___ Provided data

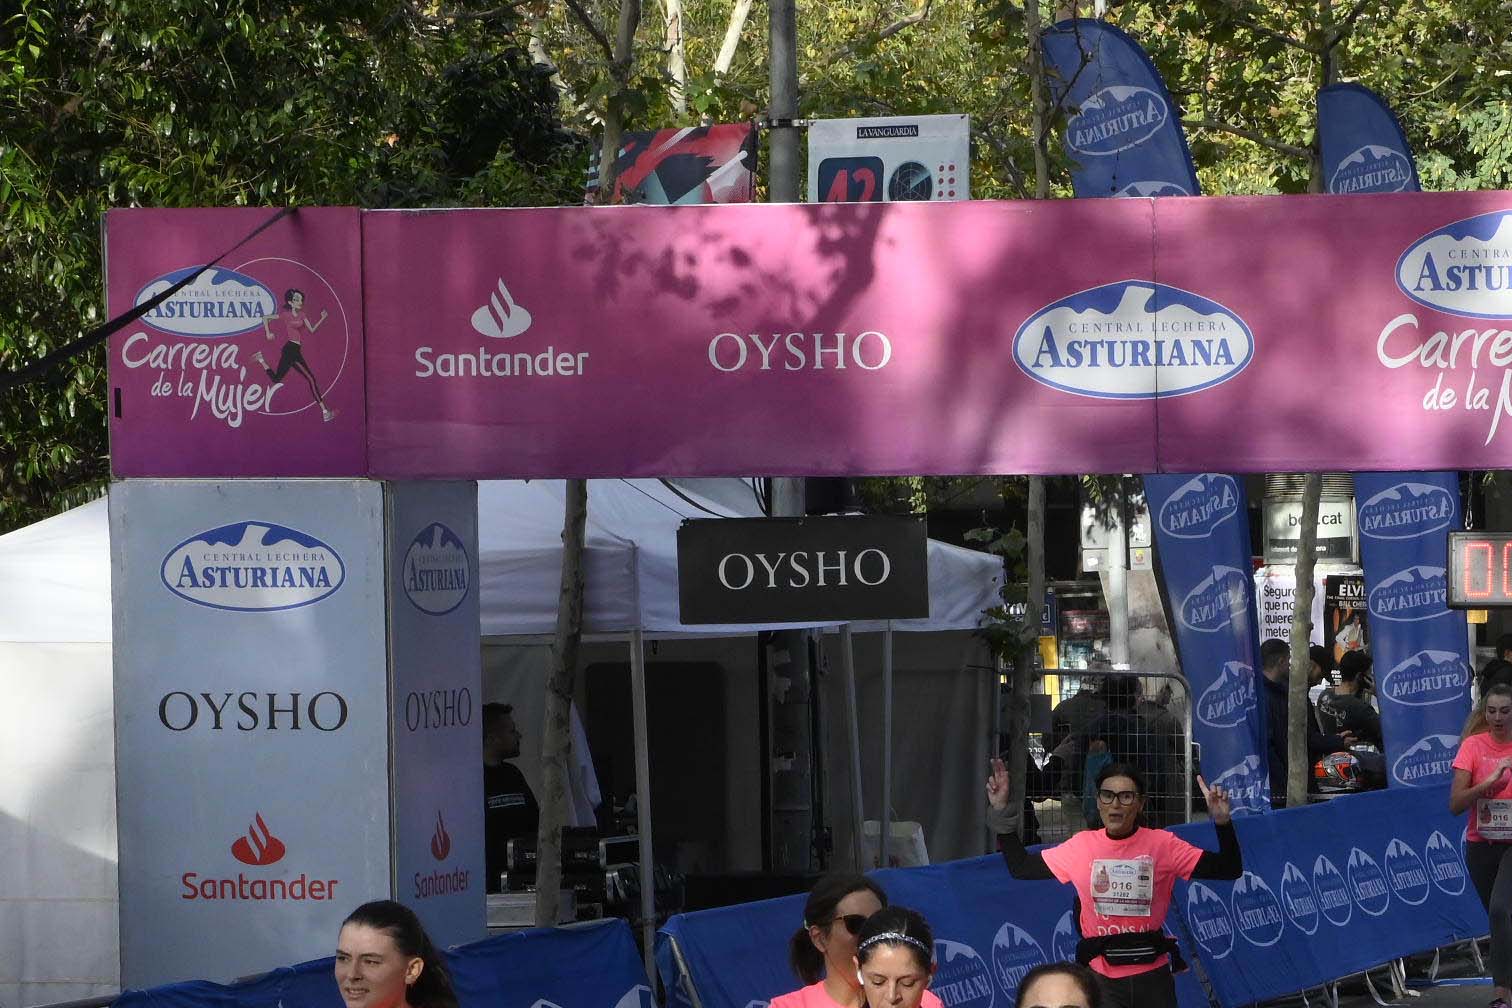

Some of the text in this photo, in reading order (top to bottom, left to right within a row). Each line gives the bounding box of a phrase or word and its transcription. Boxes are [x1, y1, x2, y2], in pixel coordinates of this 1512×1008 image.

[145, 291, 265, 319] ASTURIANA
[171, 290, 211, 298] ENTRAL
[1069, 320, 1228, 333] CENTRAL LECHERA
[121, 332, 240, 369] Carrera
[709, 331, 892, 372] OYSHO
[1031, 324, 1235, 368] ASTURIANA
[415, 346, 589, 378] Santander
[151, 366, 284, 428] de la Mujer
[1423, 371, 1457, 410] de
[1466, 370, 1490, 410] la
[176, 555, 332, 589] ASTURIANA
[203, 552, 325, 562] CENTRAL LECHERA
[718, 548, 891, 591] OYSHO
[407, 562, 466, 593] ASTURIANA
[1339, 585, 1367, 597] ELVI
[1264, 601, 1281, 612] que
[1265, 626, 1290, 637] mete
[158, 691, 348, 731] OYSHO
[405, 687, 472, 731] OYSHO
[181, 872, 338, 901] Santander
[414, 867, 470, 898] Santander
[1112, 882, 1132, 890] 016
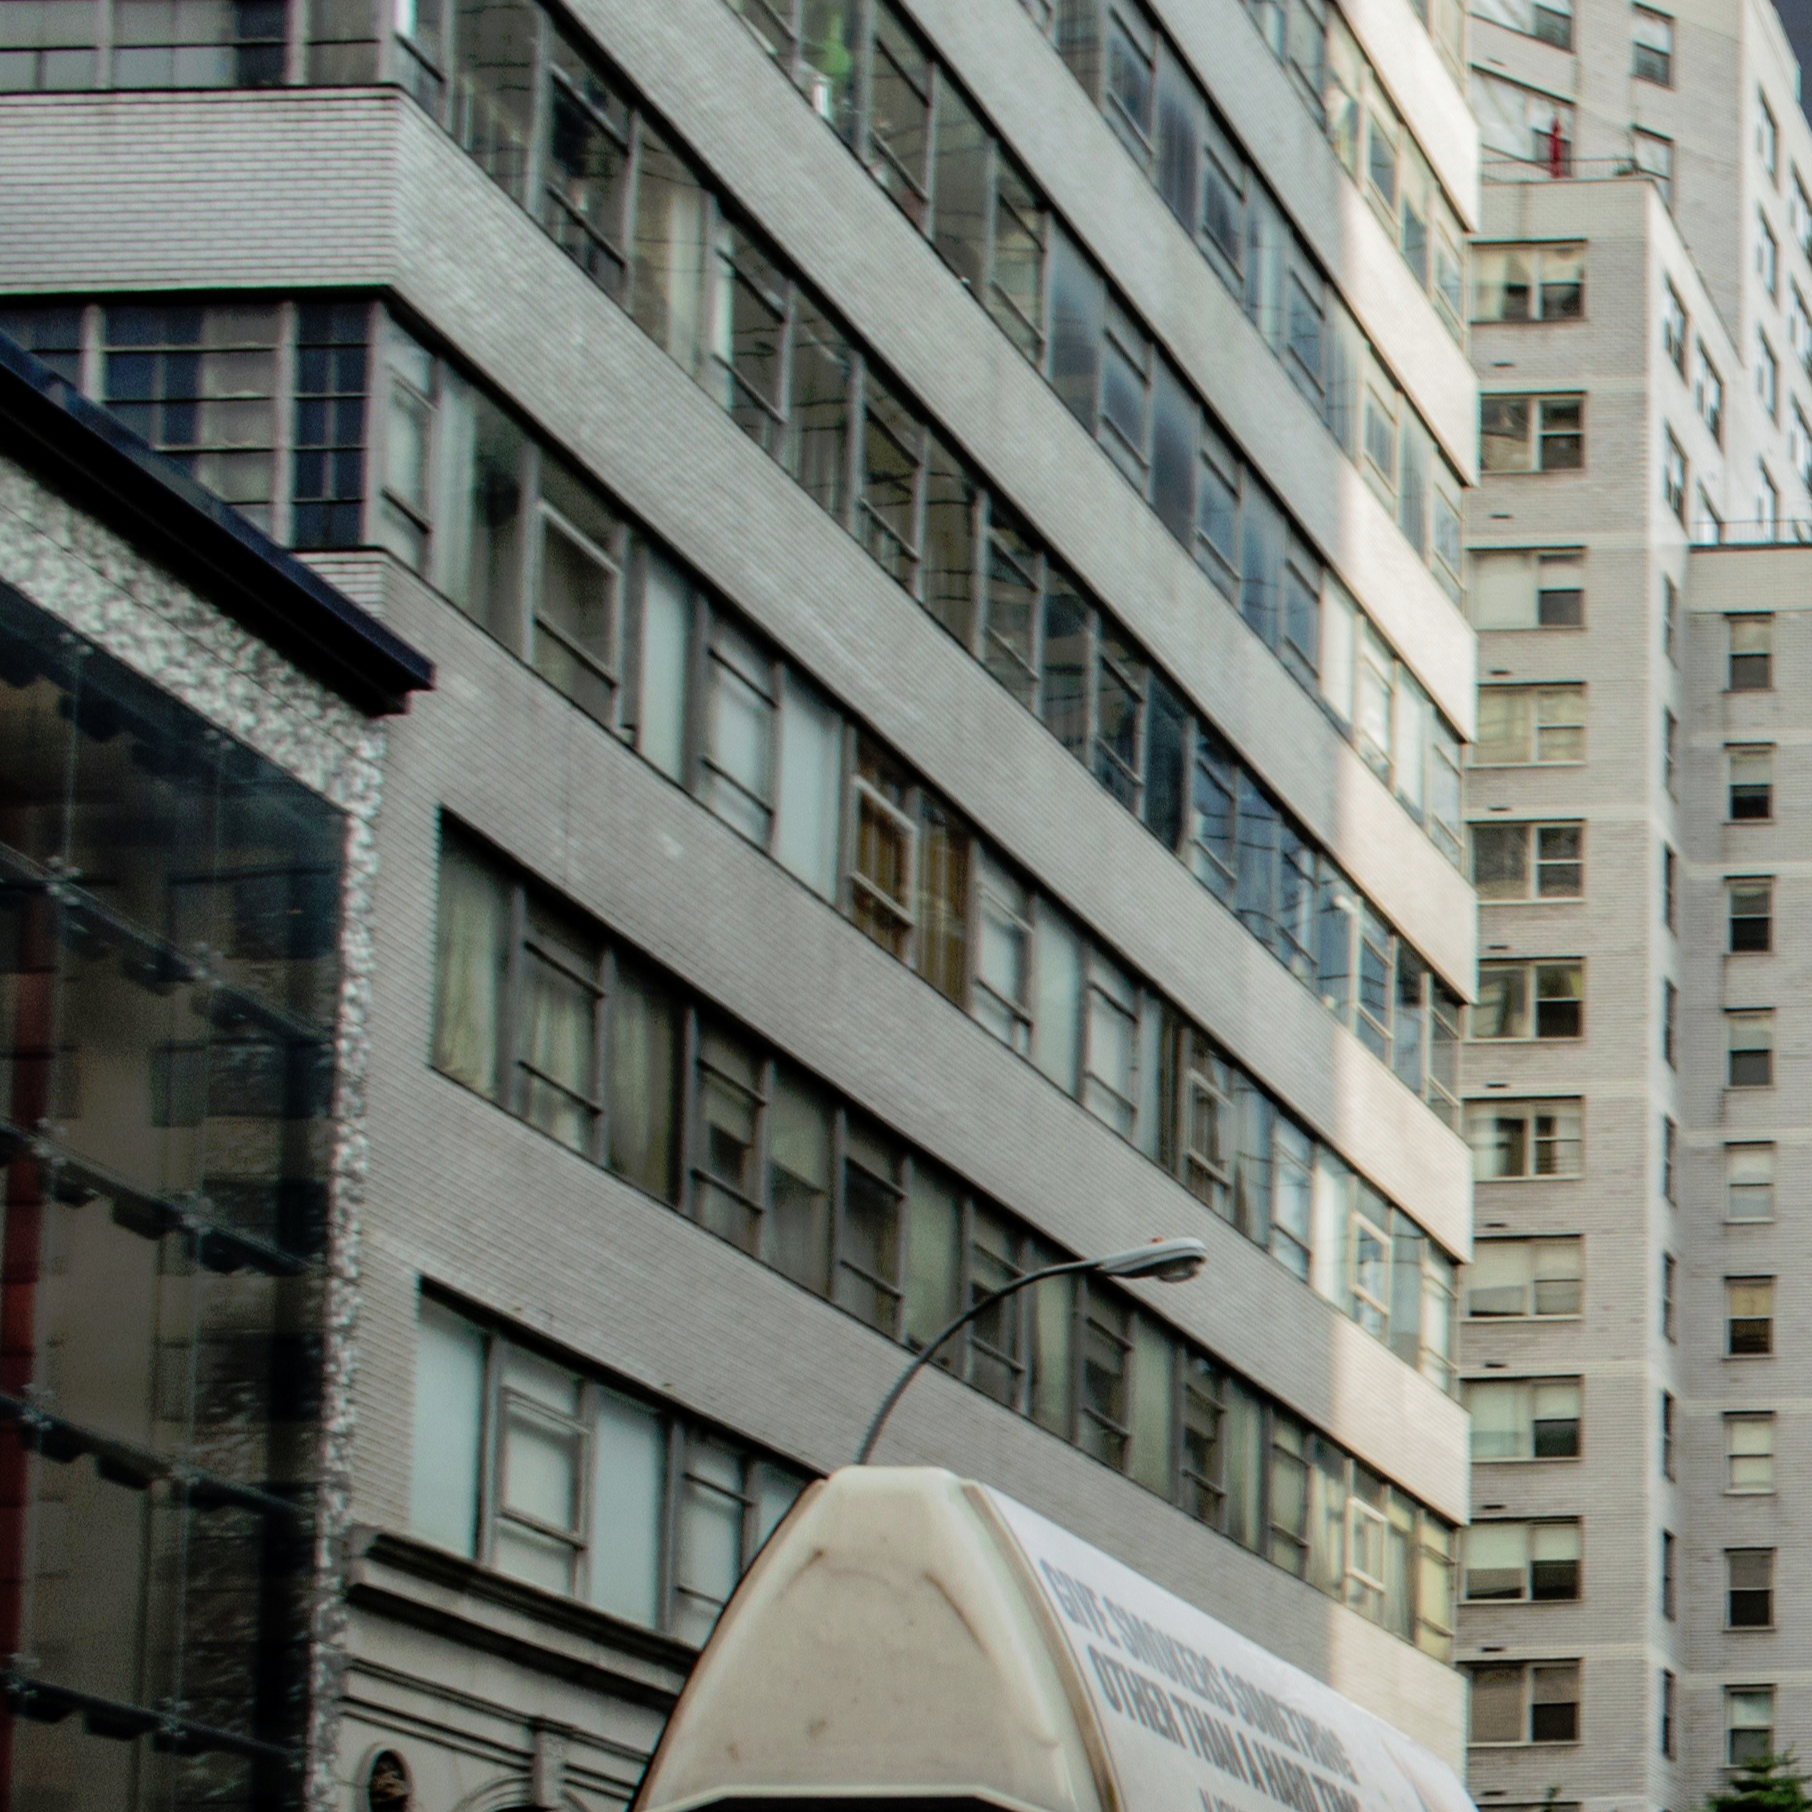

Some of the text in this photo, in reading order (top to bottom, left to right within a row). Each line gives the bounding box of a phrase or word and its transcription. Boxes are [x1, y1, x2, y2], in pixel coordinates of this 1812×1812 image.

[1039, 1557, 1361, 1786] GIVE SMOKERS SOMETHING
[1086, 1643, 1188, 1750] OTHER
[1168, 1690, 1250, 1785] THAN
[1236, 1730, 1268, 1796] A

______

[Directions]: The records above are to be quoted exactly, with all pictures left out.

[Your response]:
Some of the text in this photo, in reading order (top to bottom, left to right within a row). Each line gives the bounding box of a phrase or word and its transcription. Boxes are [x1, y1, x2, y2], in pixel coordinates of this 1512×1008 image.

[145, 291, 265, 319] ASTURIANA
[171, 290, 211, 298] ENTRAL
[1069, 320, 1228, 333] CENTRAL LECHERA
[121, 332, 240, 369] Carrera
[709, 331, 892, 372] OYSHO
[1031, 324, 1235, 368] ASTURIANA
[415, 346, 589, 378] Santander
[151, 366, 284, 428] de la Mujer
[1423, 371, 1457, 410] de
[1466, 370, 1490, 410] la
[176, 555, 332, 589] ASTURIANA
[203, 552, 325, 562] CENTRAL LECHERA
[718, 548, 891, 591] OYSHO
[407, 562, 466, 593] ASTURIANA
[1339, 585, 1367, 597] ELVI
[1264, 601, 1281, 612] que
[1265, 626, 1290, 637] mete
[158, 691, 348, 731] OYSHO
[405, 687, 472, 731] OYSHO
[181, 872, 338, 901] Santander
[414, 867, 470, 898] Santander
[1112, 882, 1132, 890] 016

Some of the text in this photo, in reading order (top to bottom, left to right within a row). Each line gives the bounding box of a phrase or word and its transcription. Boxes are [x1, y1, x2, y2], in pixel coordinates of this 1812×1812 image.

[1039, 1557, 1361, 1786] GIVE SMOKERS SOMETHING
[1086, 1643, 1188, 1750] OTHER
[1168, 1690, 1250, 1785] THAN
[1236, 1730, 1268, 1796] A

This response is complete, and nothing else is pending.